Am Fam Physician. 2005 Apr 1;71(7):1409.
Approximately one fifth of the population in the United Kingdom suffers from seasonal allergic conjunctivitis. Symptoms of ocular irritation, redness, and tearing (frequently accompanied by nasal symptoms) typically occur during pollen-producing seasons. As the underlying mechanism of this condition is believed to be a type 1, IgE-mediated hypersensitivity, topical mast cell stabilizers and antihistamines are used to control symptoms. Systemic antihistamines may be prescribed for patients with more widespread symptoms, and steroids are used occasionally in severe cases. Owen and colleagues conducted a systematic review to determine the relative effectiveness of topical mast cell stabilizers and antihistamines in symptomatic therapy for seasonal allergic conjunctivitis.
Electronic databases, including the Cochrane Library, and bibliographies of relevant articles were used to identify clinical trials comparing topical mast cell stabilizers or antihistamines with placebo, and these two classes of agents with one another. Of the 140 original studies identified, 40 met quality criteria for inclusion in the meta-analysis.
Placebo-controlled trials of the mast cell stabilizers sodium cromoglycate, nedocromil, and lodoxamide were identified. The 17 studies of sodium cromoglycate tended to involve small numbers of patients, differed in outcome measures, and showed evidence of publication bias. Nevertheless, the authors calculate a significant difference in perceived benefit over placebo with no important side effects. Patients also perceived significant improvement in symptoms in three of the five trials of topical nedocromil. The authors calculate that patients treated with this drug were 1.8 times more likely to report moderate or complete control of symptoms than patients given the placebo. A significant benefit also was reported for topical lodoxamide compared with placebo, but this was based on one small study. In the pooled analysis of the 12 topical mast cell stabilizer studies, patients were 4.9 times more likely to report symptom relief compared with placebo.

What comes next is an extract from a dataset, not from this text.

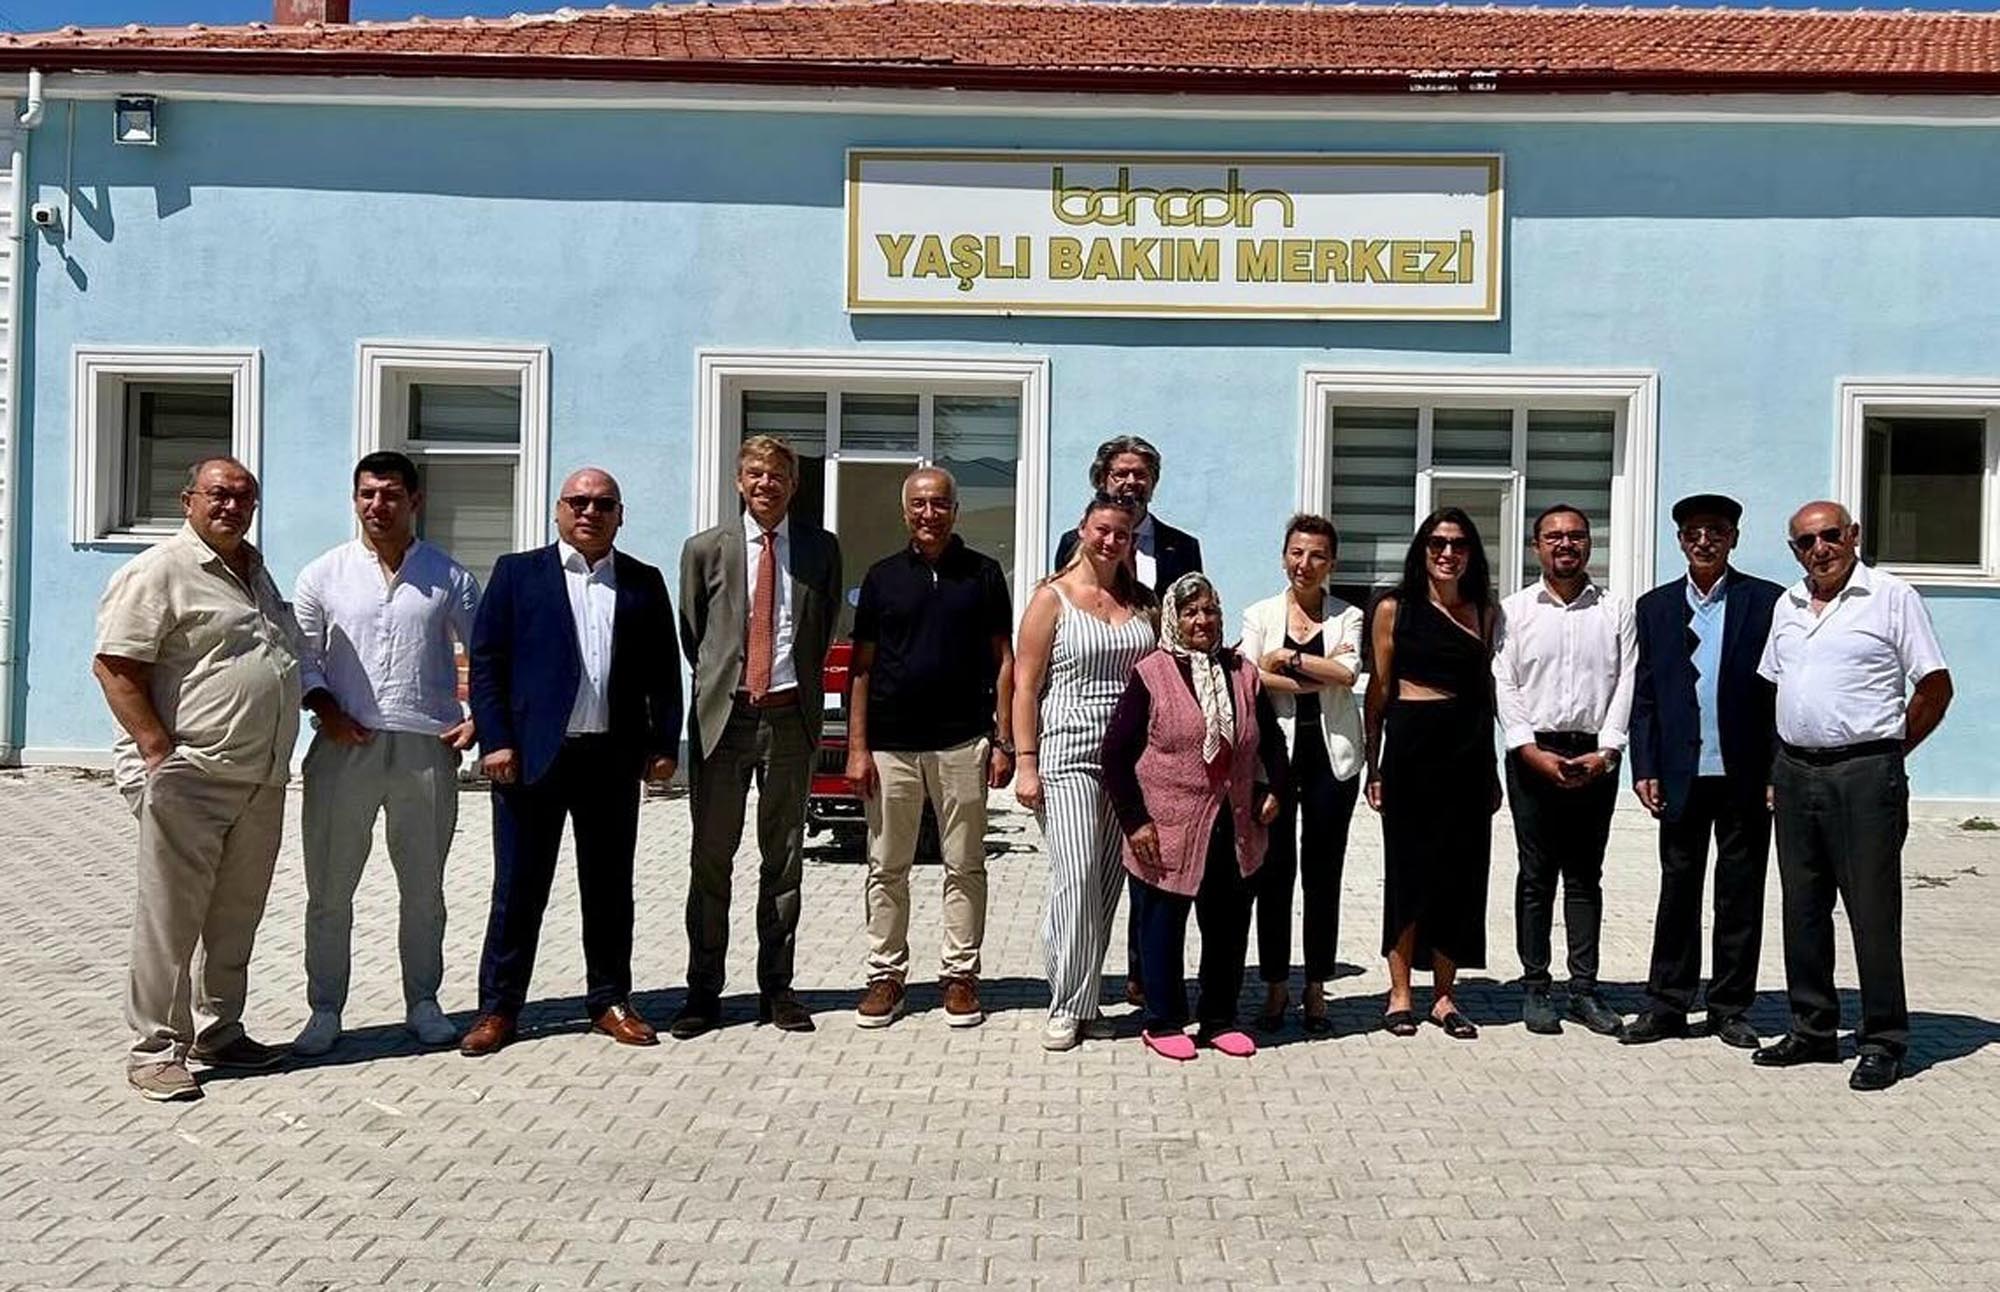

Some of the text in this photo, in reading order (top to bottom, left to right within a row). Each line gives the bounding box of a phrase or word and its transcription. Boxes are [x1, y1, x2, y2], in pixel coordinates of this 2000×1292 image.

[876, 230, 1474, 291] YAŞLI BAKIM MERKEZİ

Nine studies comparing topical antihistamines with placebo were identified. Six of these studies used levocabastine, and the remaining studies involved azelastine, emedastine, and antazoline. Most studies used subjective symptom scales completed by patients after provocation, and results showed symptom improvement, especially in itching. A formal meta-analysis was not possible because of study designs.
Eight trials compared the effectiveness of topical mast cell stabilizers with topical antihistamine. A formal meta-analysis was not possible because of differences in the reporting of outcomes. The topical antihistamine appeared to reduce symptoms better than mast cell stabilizers in short-term provocation studies and showed limited evidence of a faster onset of action. Otherwise, no significant differences were apparent between the classes of medication.

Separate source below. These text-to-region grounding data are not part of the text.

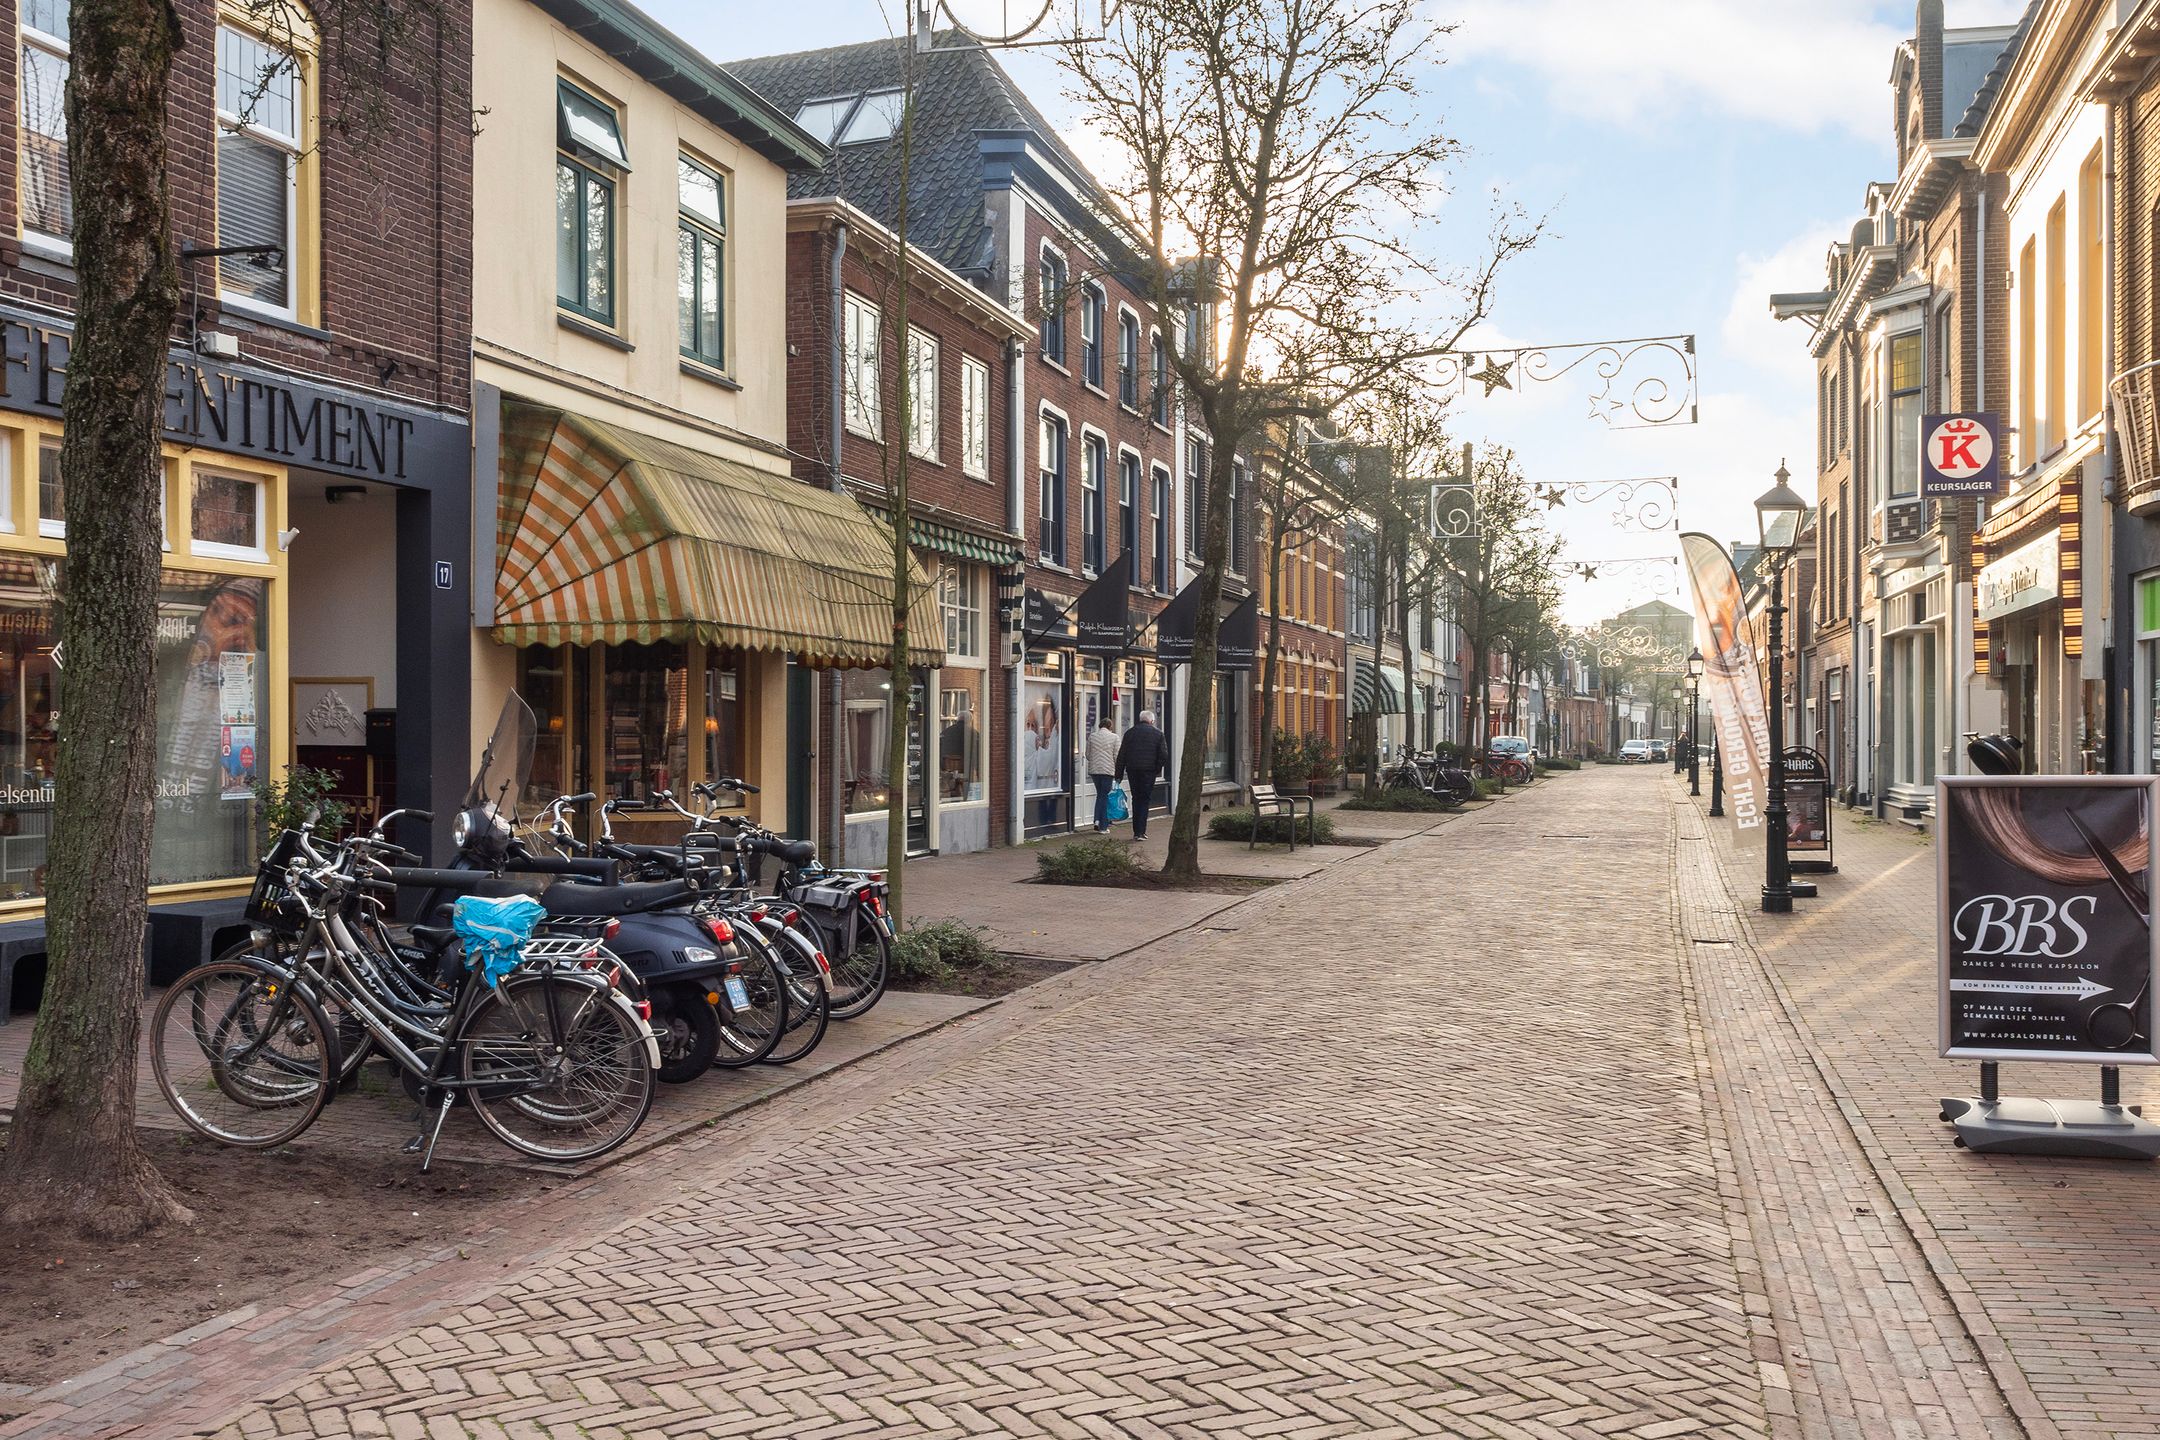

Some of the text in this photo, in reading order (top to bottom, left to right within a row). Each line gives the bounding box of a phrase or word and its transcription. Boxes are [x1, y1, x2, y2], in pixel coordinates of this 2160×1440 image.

[1938, 434, 1981, 469] K
[1927, 481, 1992, 492] KEURSLAGER
[440, 567, 449, 584] 17
[1079, 621, 1096, 632] Ralph
[1787, 758, 1815, 771] HAAS
[1953, 894, 2097, 958] BBS
[1962, 960, 1995, 968] DAMES
[345, 950, 385, 996] GIANT
[1963, 1012, 2027, 1021] GEMAKKELIJK
[1963, 1031, 2078, 1041] WWW.KAPSALONBBS.NL

The authors conclude that topical mast cell stabilizers and antihistamines provide significantly better symptom relief than placebo in allergic conjunctivitis. Based on available evidence, the choice of a specific agent should be determined by factors such as convenience of use, cost, and patient preferences.
Owen CG, et al. Topical treatments for seasonal allergic conjunctivitis: systematic review and meta-analysis of efficacy and effectiveness. Br J Gen Pract. June 2004;54:451–6.